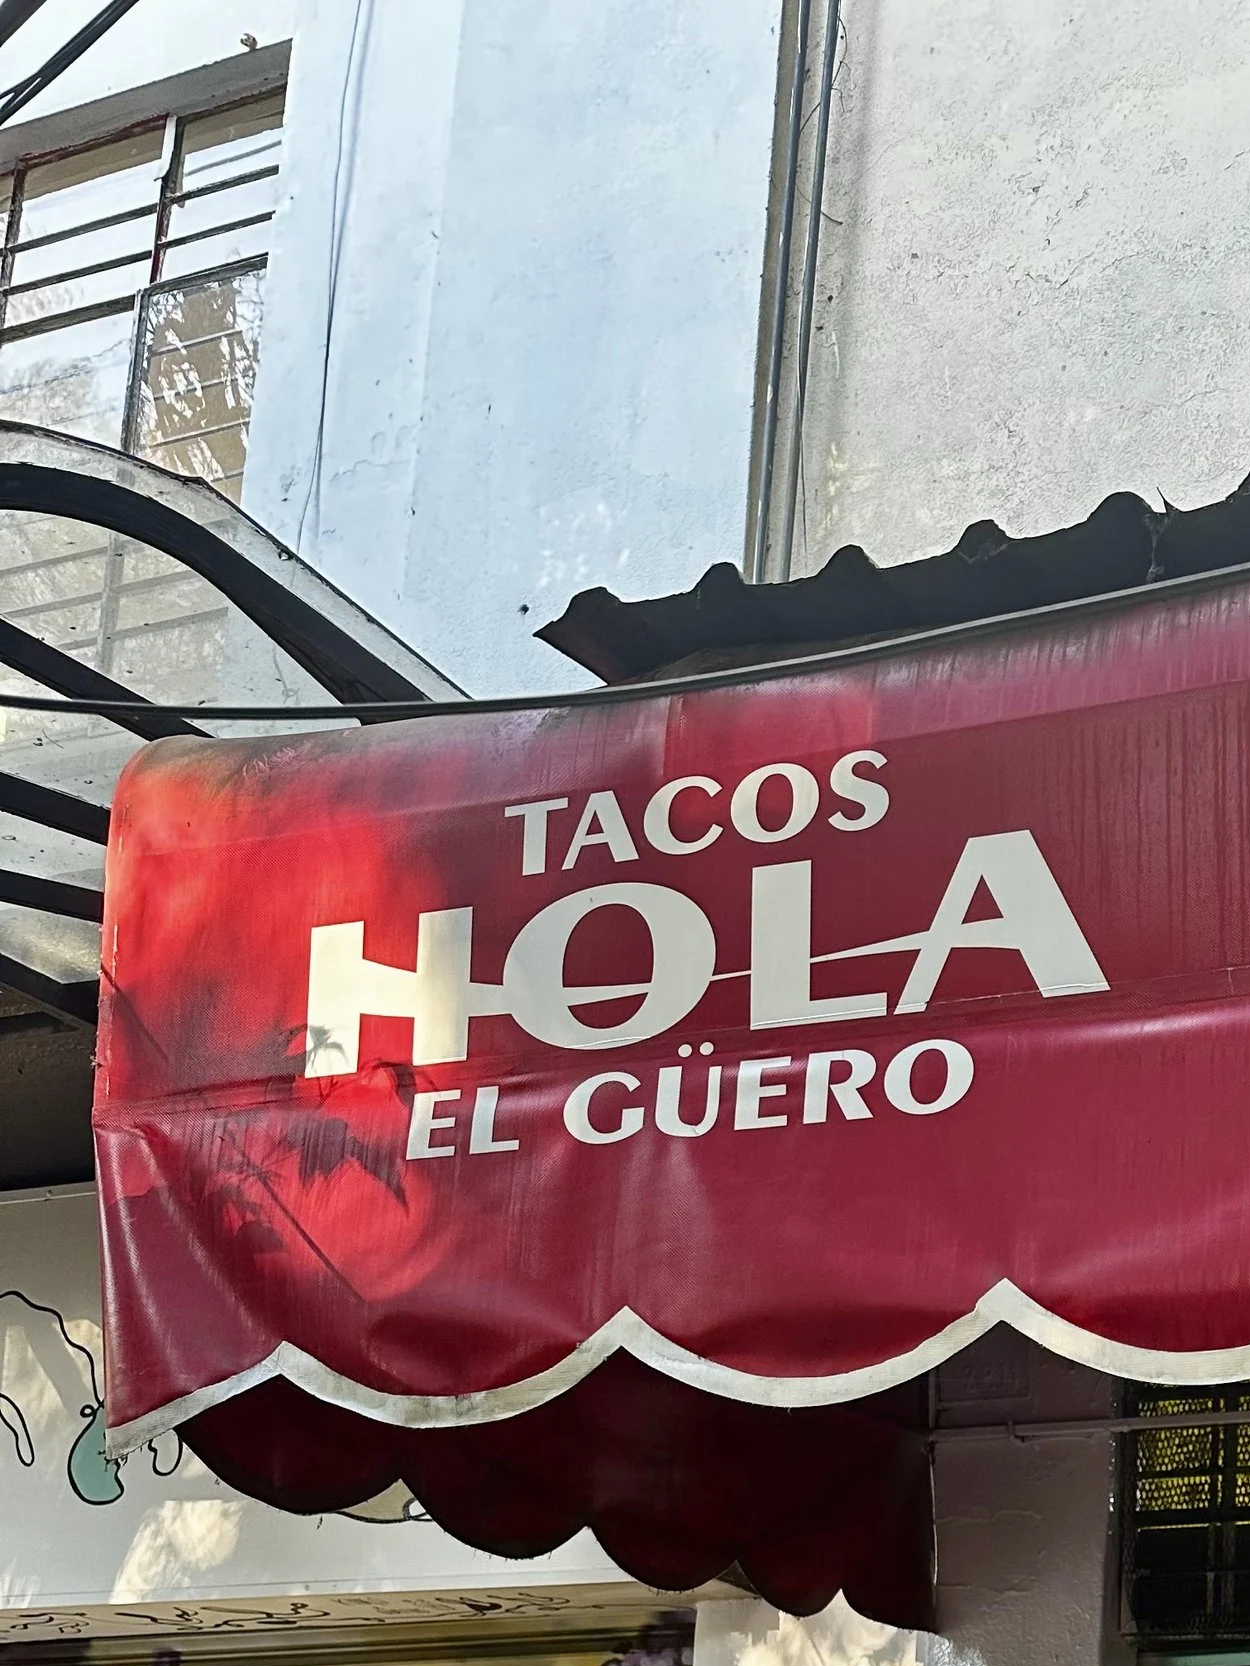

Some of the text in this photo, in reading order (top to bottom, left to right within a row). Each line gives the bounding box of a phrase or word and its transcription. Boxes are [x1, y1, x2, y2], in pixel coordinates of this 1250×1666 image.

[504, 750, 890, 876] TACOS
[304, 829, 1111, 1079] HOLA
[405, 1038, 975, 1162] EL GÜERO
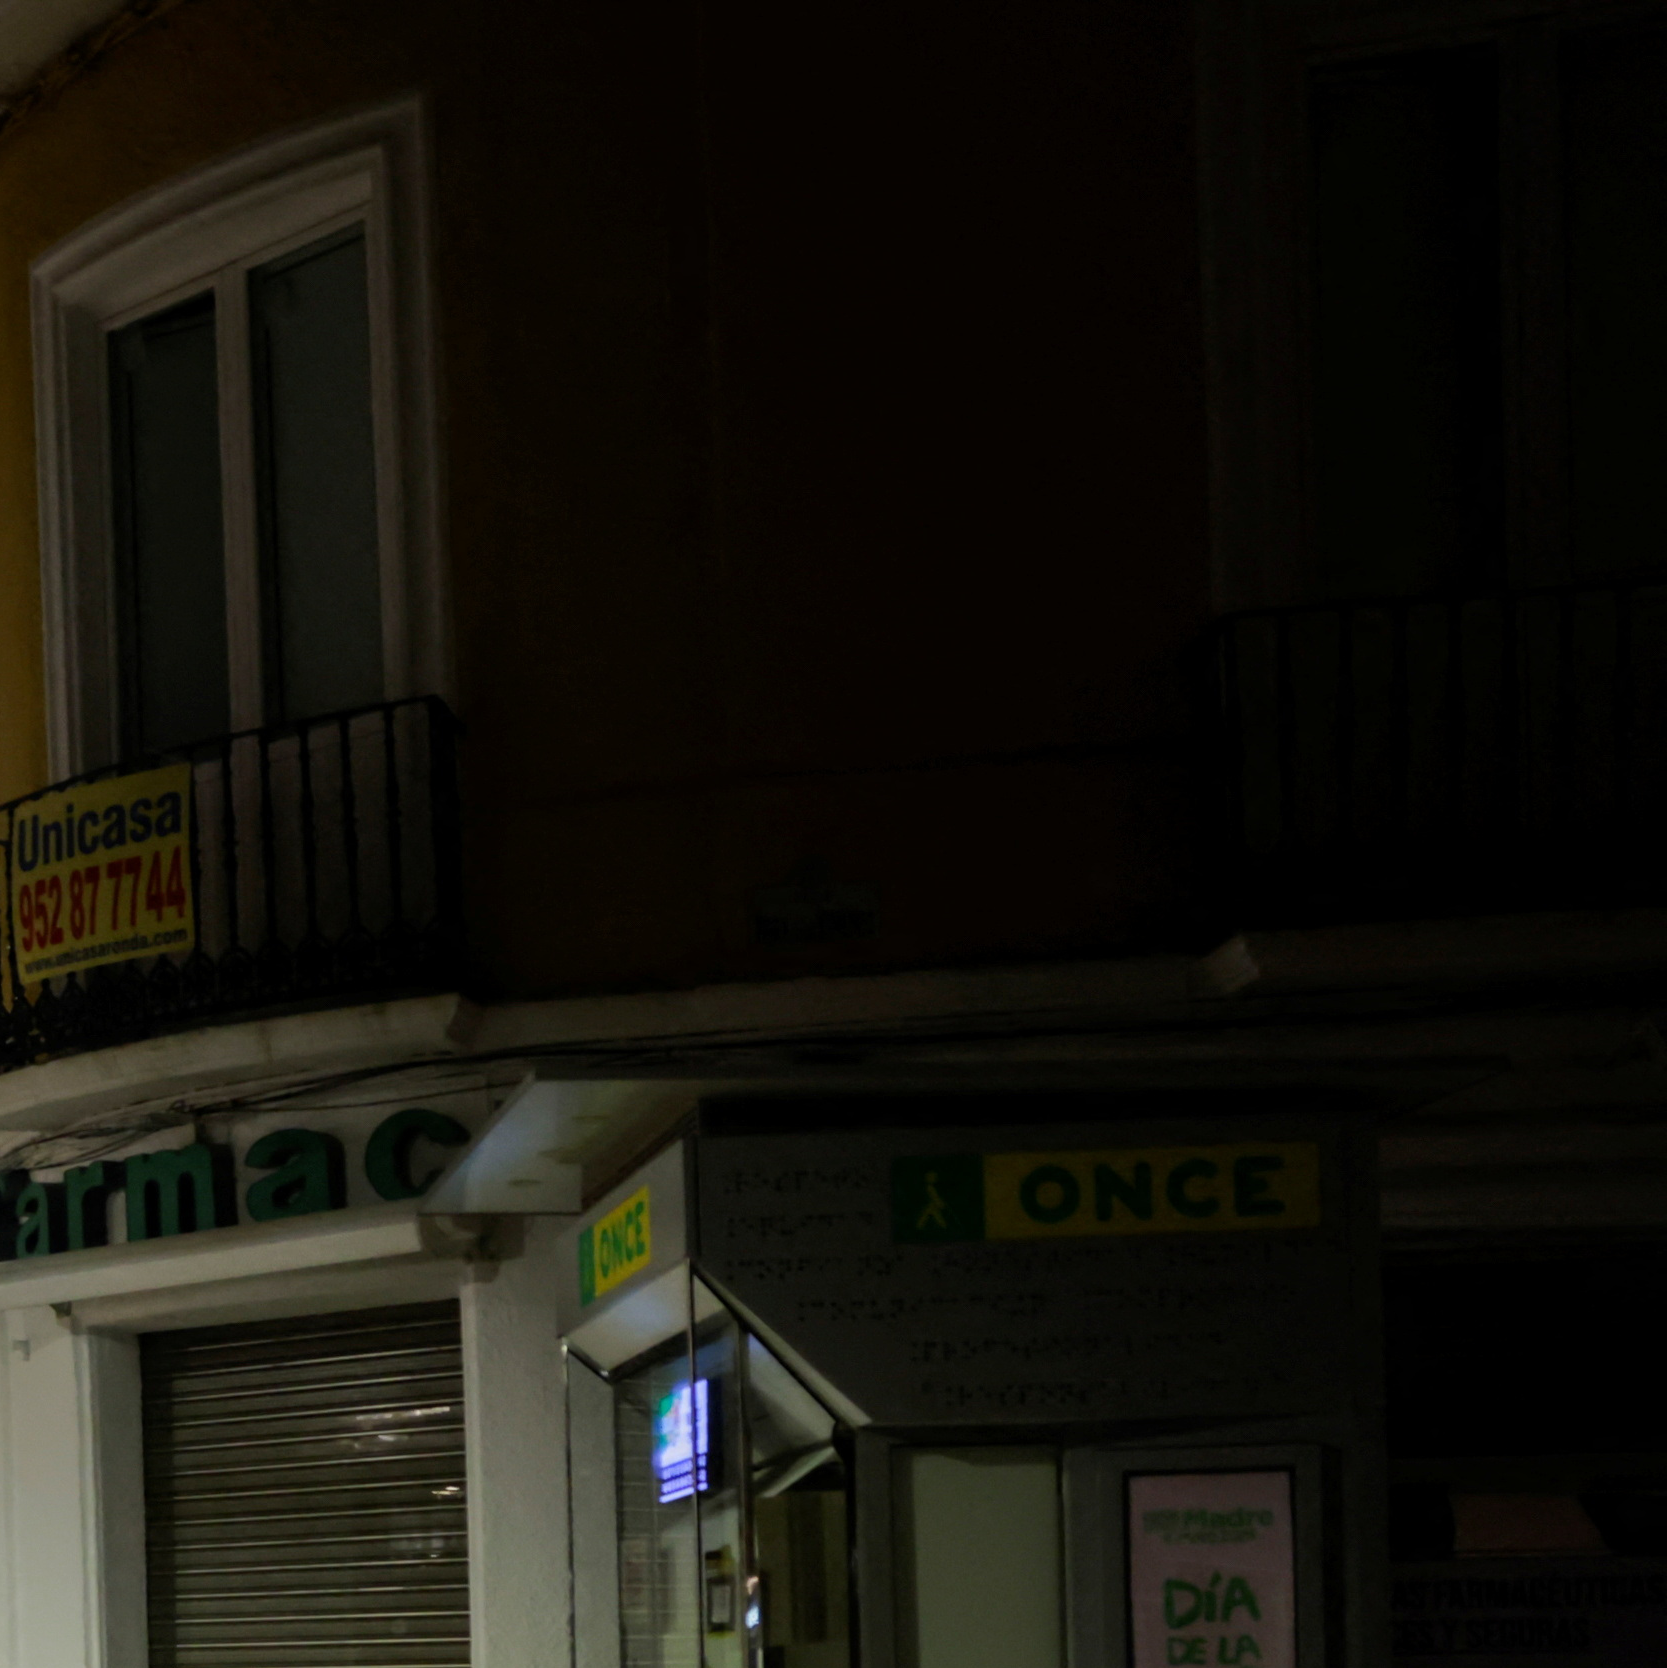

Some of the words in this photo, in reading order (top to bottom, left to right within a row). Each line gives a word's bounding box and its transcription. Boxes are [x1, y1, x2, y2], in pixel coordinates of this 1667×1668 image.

> _Work instructions_: Your answer must be every record above, word for word, with no pictures.

> _Problem solution_:
Some of the text in this photo, in reading order (top to bottom, left to right within a row). Each line gives the bounding box of a phrase or word and its transcription. Boxes are [x1, y1, x2, y2], in pixel coordinates of this 1250×1666 image.

[504, 750, 890, 876] TACOS
[304, 829, 1111, 1079] HOLA
[405, 1038, 975, 1162] EL GÜERO

Some of the words in this photo, in reading order (top to bottom, left to right within a row). Each line gives a word's bounding box and its transcription. Boxes are [x1, y1, x2, y2], in pixel coordinates of this 1667×1668 image.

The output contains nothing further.